Toccato il fondo, riscopre il cristianesimo, ma non è più il cristianesimo dei bianchi, la religione dei potenti, quella dei colonizzatori presa a modello dai neri che hanno fortuna. È il cristianesimo di chi sta, anima e corpo, veramente come Gesù Cristo, sulla croce. Benché povero, decide di dedicarsi a chi sta peggio di lui. Fonda un gruppo di carità cristiana: lui e i suoi amici visitano gli ammalati, non hanno medicine da offrire: si limitano a lavarli e a fare loro compagnia. Alla ricerca di ultimi che sono più ultimi, scoprono, dopo i carcerati, gli ammalati di mente. Man mano si attiva anche con senso pratico, cerca aiuto in Costa d’ Avorio e in Occidente, fonda i primi ospedali, fino a fare di quello di Bouaké l’unico centro in grado di assistere gli sbandati di ogni genere moltiplicati dalla guerra del 2002. Nei centri di Grégoire vivono per lo più musulmani. A Bouaké ha occupato la chiesa dell’ospedale: gli ammalati ci dormono, la domenica mattina chi vuole partecipa alla messa e chi non vuole esce o continua a dormire. Ha uno sguardo disincantato sul mondo e sulla vita, ma è pieno di speranza.

Il grande impegno di Grégoire è quello di ridare dignità umana a queste persone spezzando le catene metalliche che bloccano la loro carne ma soprattutto spezzando le catene dell’ignoranza che deturpa la loro dignità e il loro spirito.
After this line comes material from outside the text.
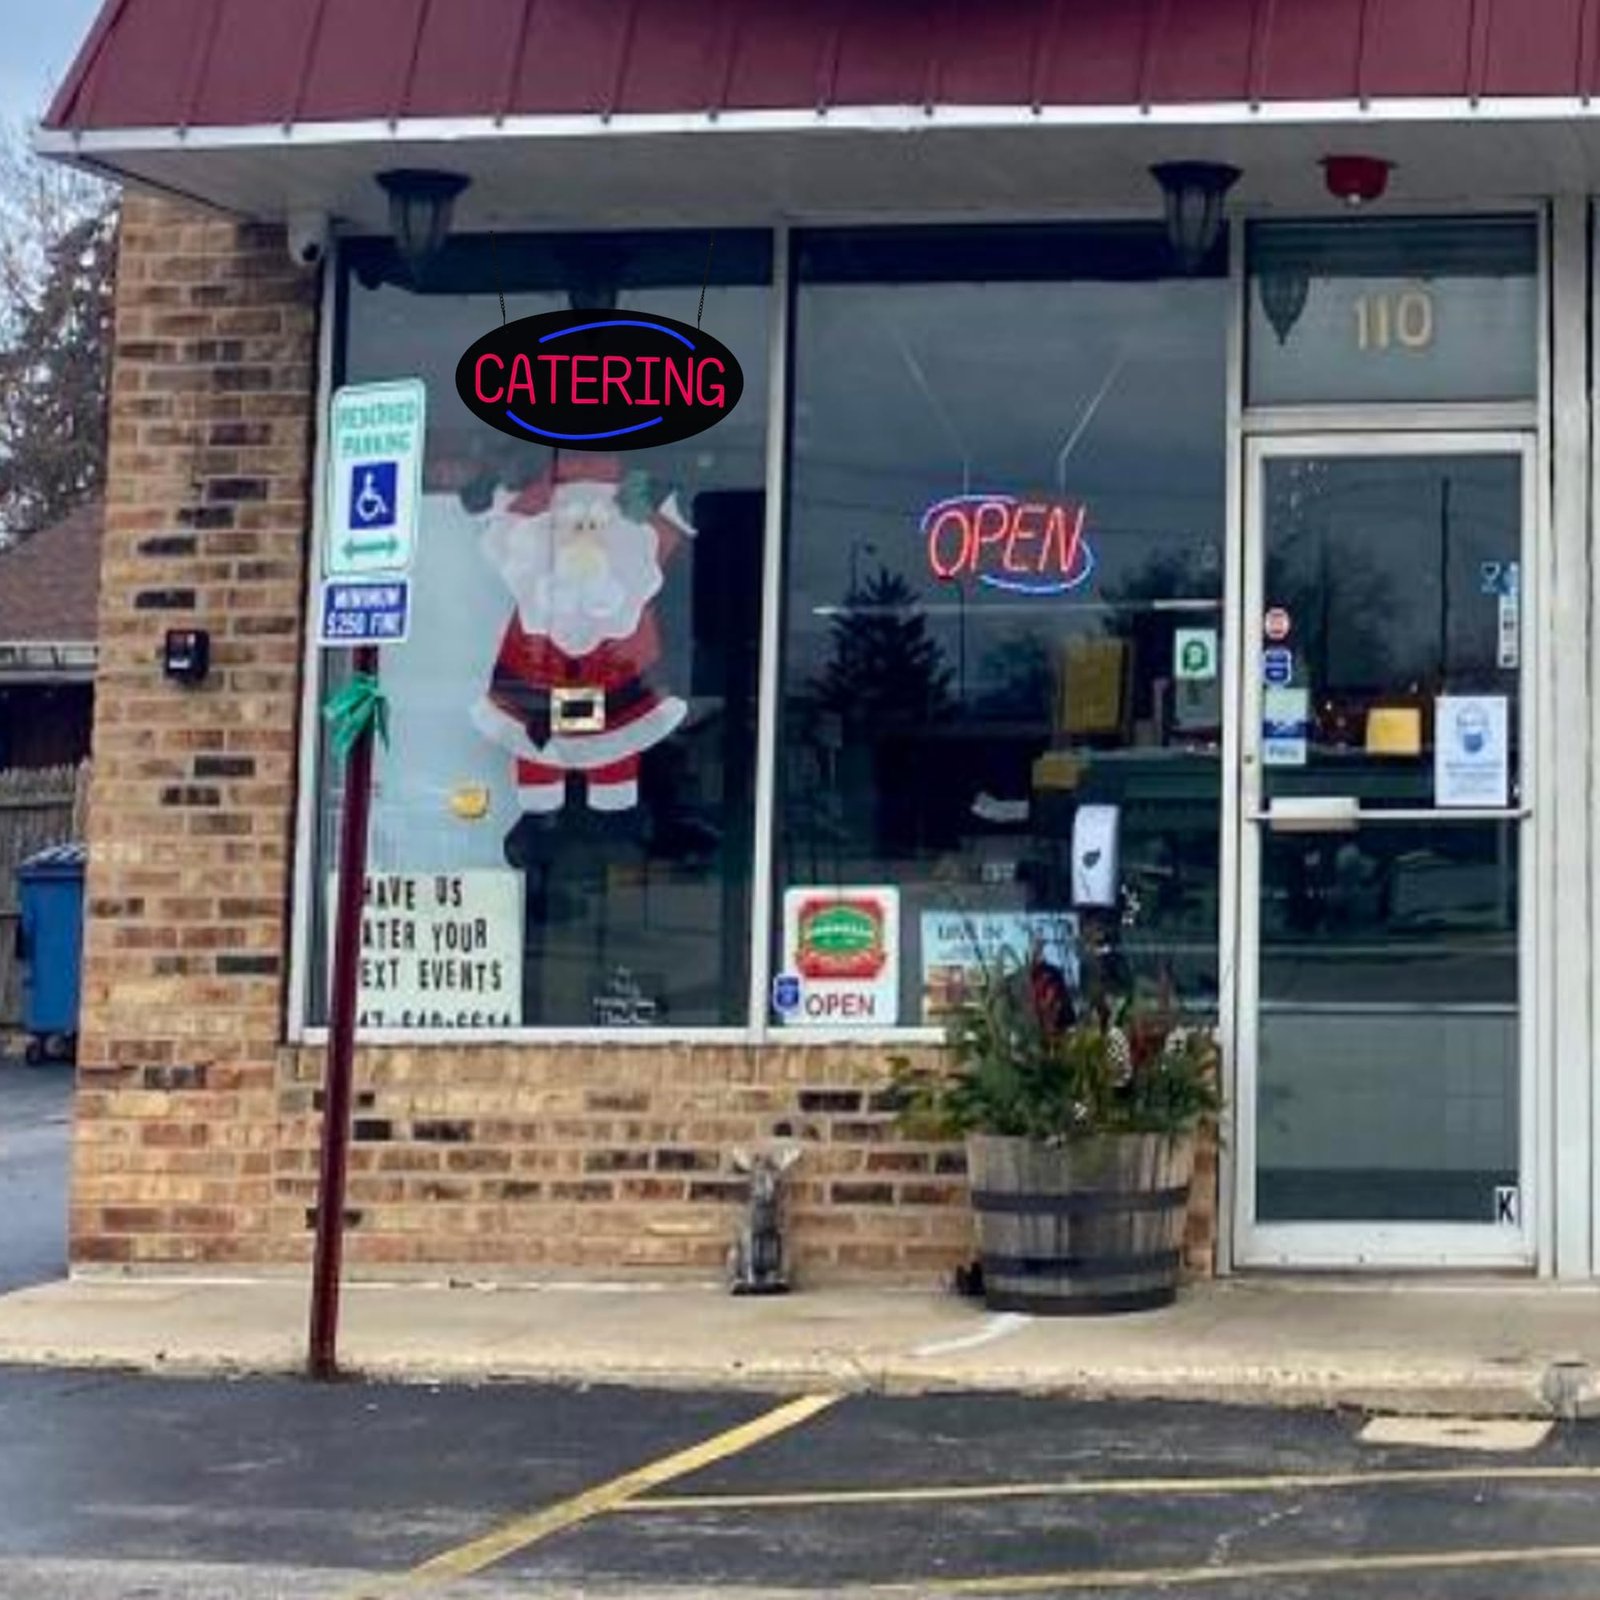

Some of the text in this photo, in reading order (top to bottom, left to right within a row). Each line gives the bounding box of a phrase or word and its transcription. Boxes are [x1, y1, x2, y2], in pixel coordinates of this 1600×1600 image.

Negli ultimi mesi è stato aperto il nuovo centro a Djougou in Benin, che ha già accolto circa 250 malati, mentre sta per partire la costruzione di un nuovo centro ad Alepé, a pochi km da Abidjan in Costa d’Avorio, per il quale Grégoire ha ricevuto in dono un terreno di 5 ettari direttamente dal nunzio apostolico. “Il lavoro si moltiplica e adesso ci arrivano richieste anche dal Burkina Faso e dal Ghana”, dice Grégoire, che continua a non ricevere alcuna sovvenzione, né dai governi. Se gli si chiede come fa a portare avanti tutti i centri, lui allarga le braccia e, con la stessa fede di sempre, ti risponde “la provvidenza, mio caro...”. Oggi i centri Saint Camille sono 15 ed ospitano in tutto circa 2.500 malati, mentre quelli reintegrati in famiglia sono più di 22.000.